Дней февральских агатовых чётки,
Нить дворов проходных и подъездов,
Словно площадь дворцовая гулких,
С тёмным мрамором стёртых ступеней.
Треугольную – ту – в переулках
Клетку-комнату. Медное пени
Фонаря с лебединою шеей,
Что заглядывал тенью барочной.
И следил за двумя, и лелеял,
С ненасытною страстью порочной,
Макраме перекрещенных пальцев
Близнецов, что сиамских теснее,
Влажных тел лакированных смальцем
Его света – палитрой Сислея.
Окон стрельчатых мутную серость
Ночь, как капельницей отмеряла.
Солнце мышью домашнею серой
Робко жалось к стеклу.

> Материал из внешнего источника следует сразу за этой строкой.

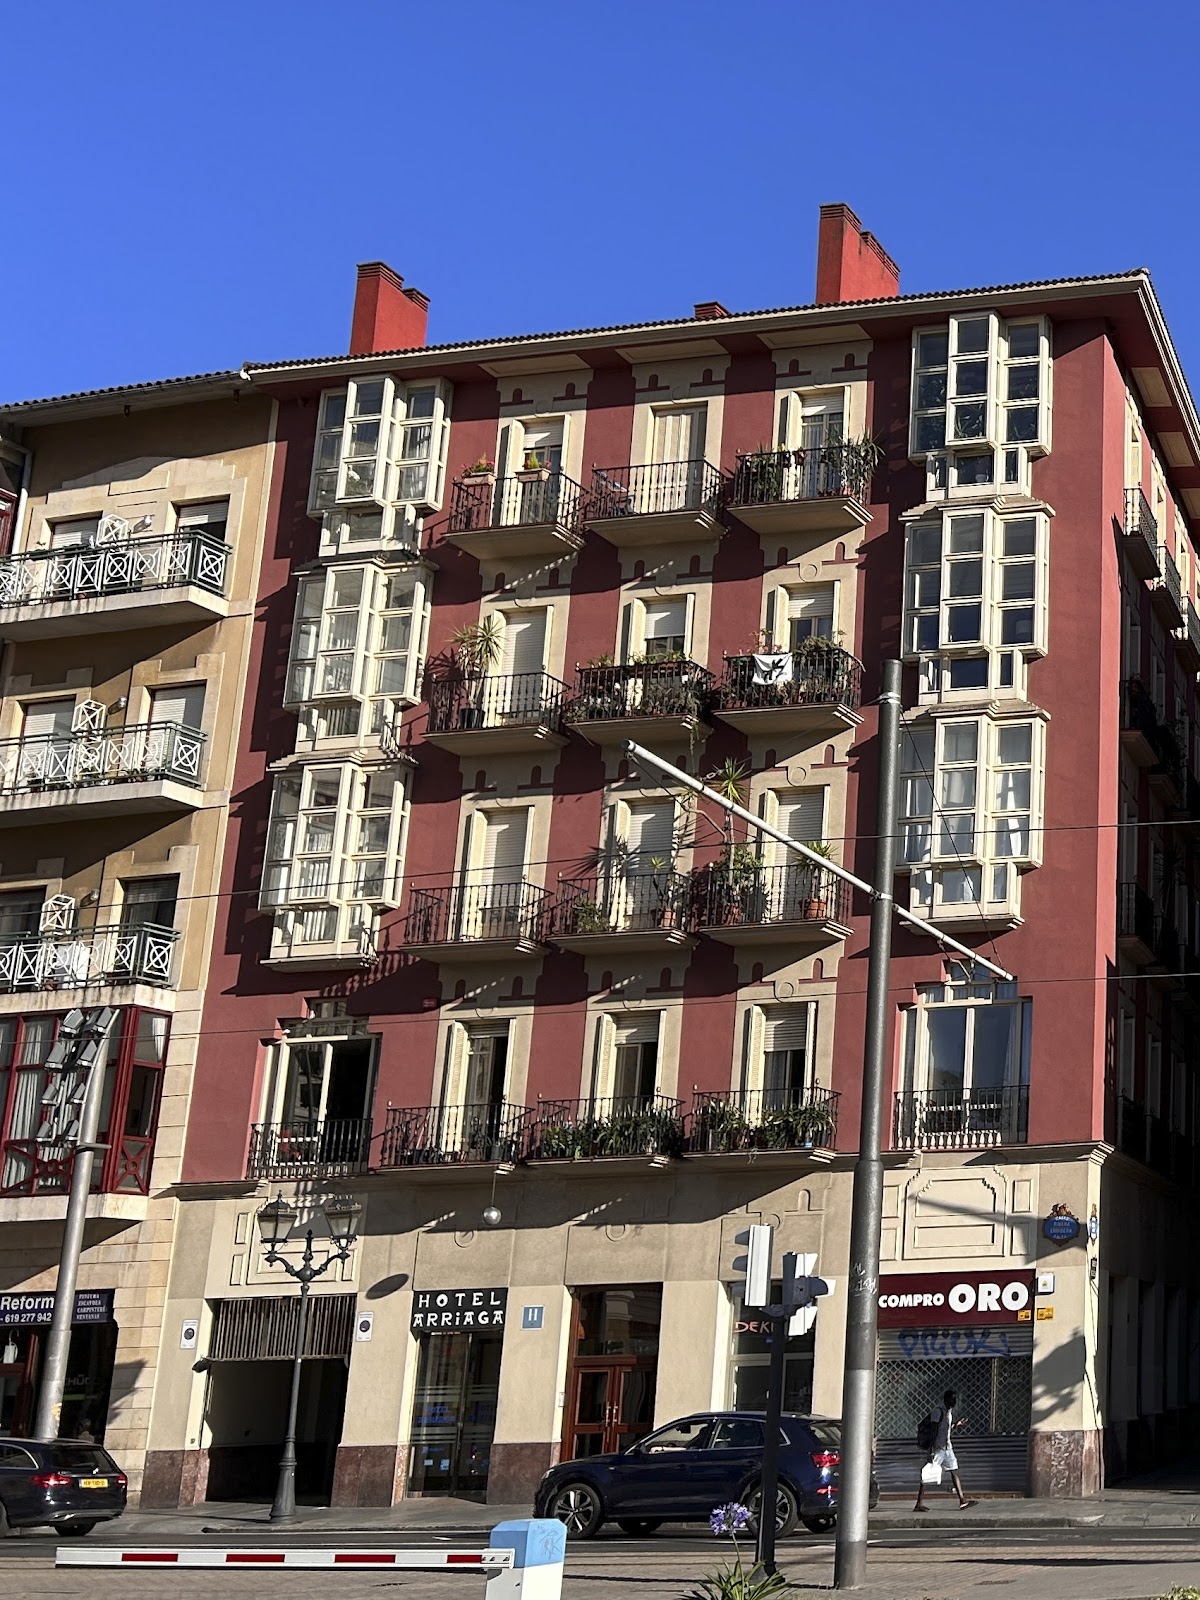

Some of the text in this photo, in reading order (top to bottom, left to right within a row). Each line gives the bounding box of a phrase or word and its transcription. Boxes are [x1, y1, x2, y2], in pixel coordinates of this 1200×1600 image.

[418, 1291, 501, 1308] HOTEL
[878, 1281, 1029, 1313] COMPRO ORO
[4, 1312, 52, 1323] 619 277 942
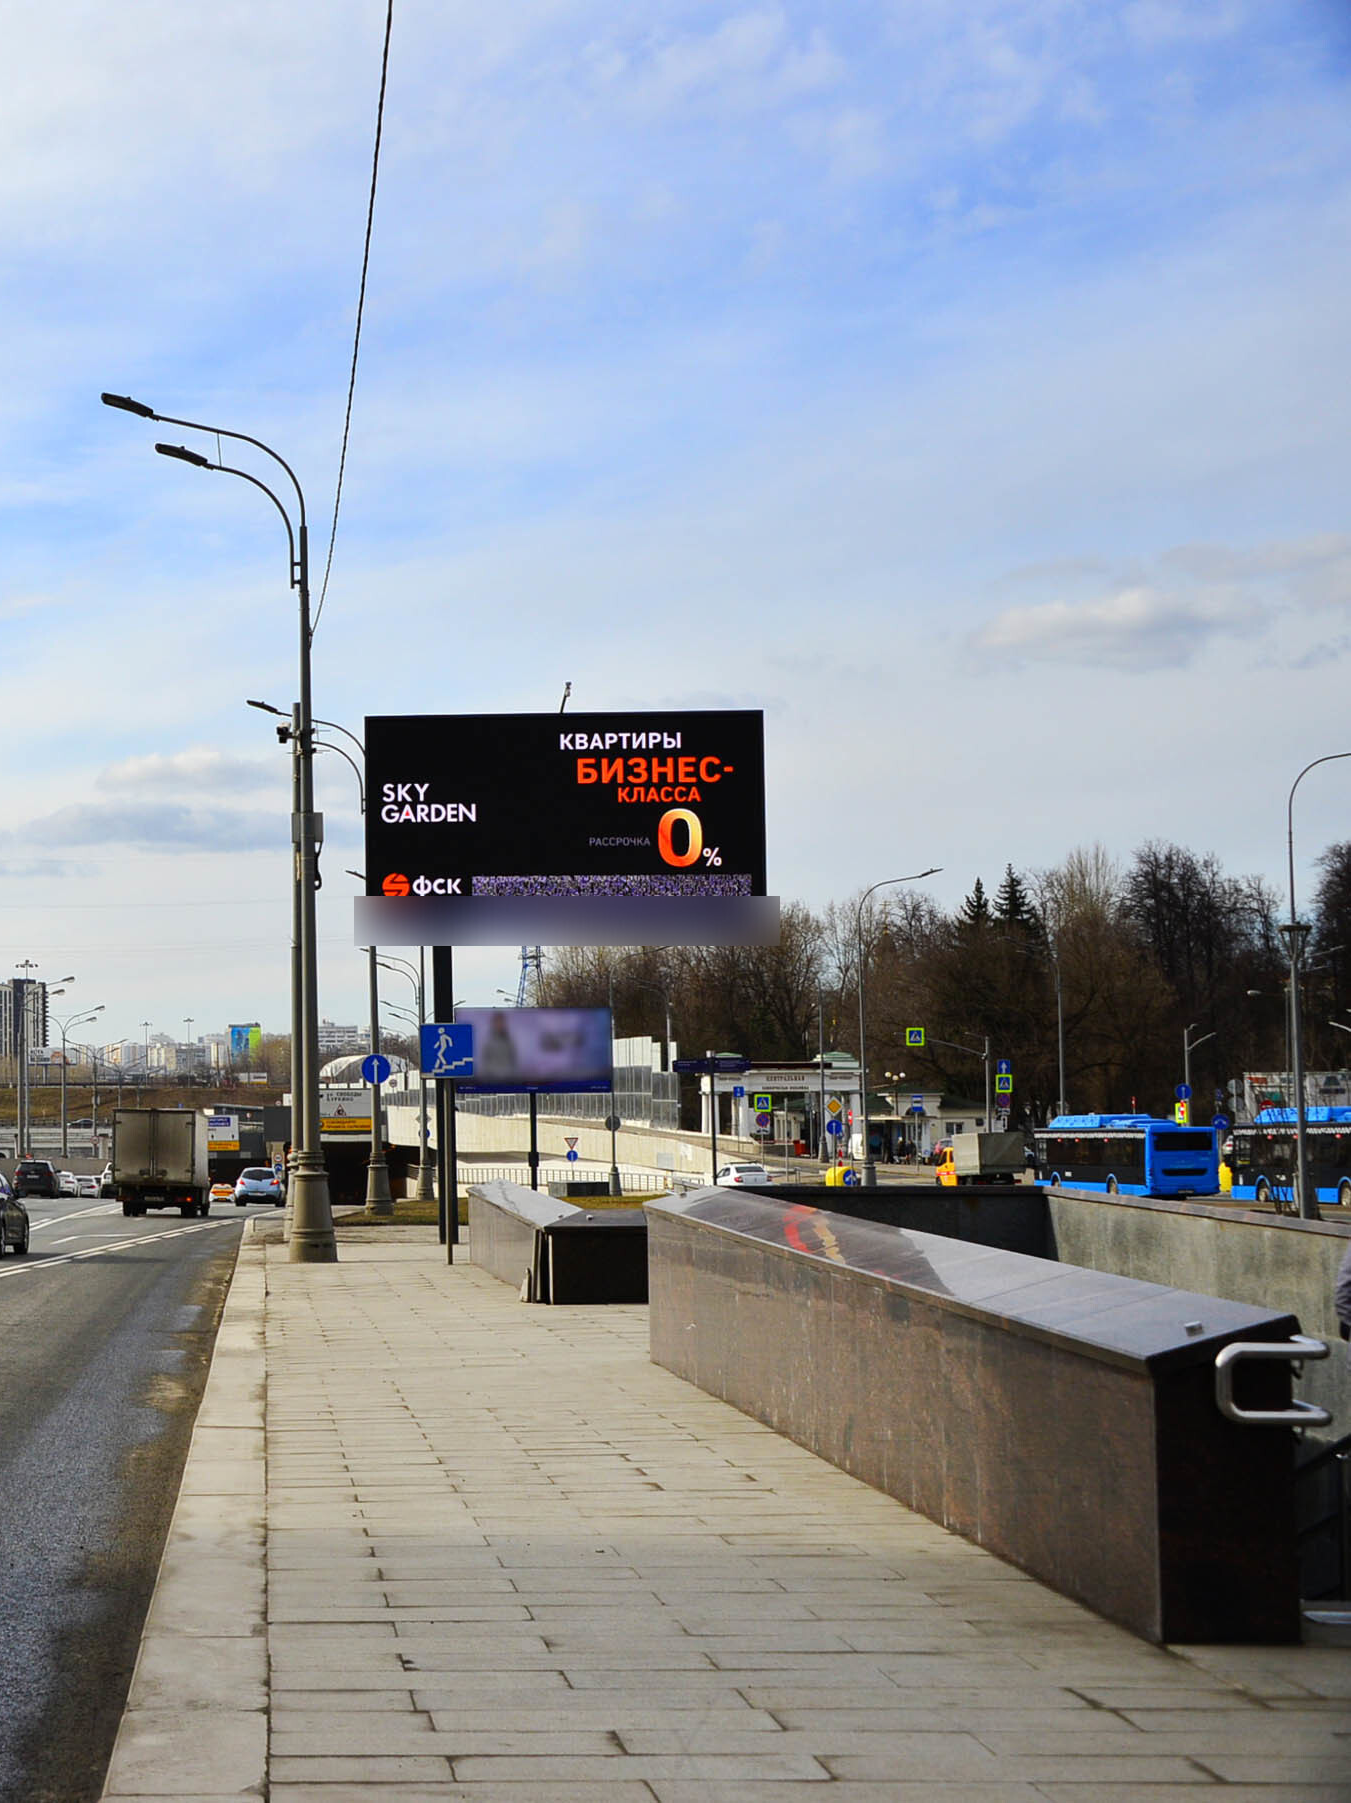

Было мало
Нам ночей ледяных и каналов,
Площадей и мостов круглых арок.
Время камнем упало в анналы.
Сердце, синий чулок, перестарок,
Вспоминая, развяжет тесёмки
Чёрных вен, открывая плотину.
И нахлынут удушьем потёмки,
Засосут в Ленинградскую тину.
Заспешу торопливой походкой
По Халтурина к сдвоенной двери
Под протяжную долгую коду
Эха. Было ль? Откроют, поверю…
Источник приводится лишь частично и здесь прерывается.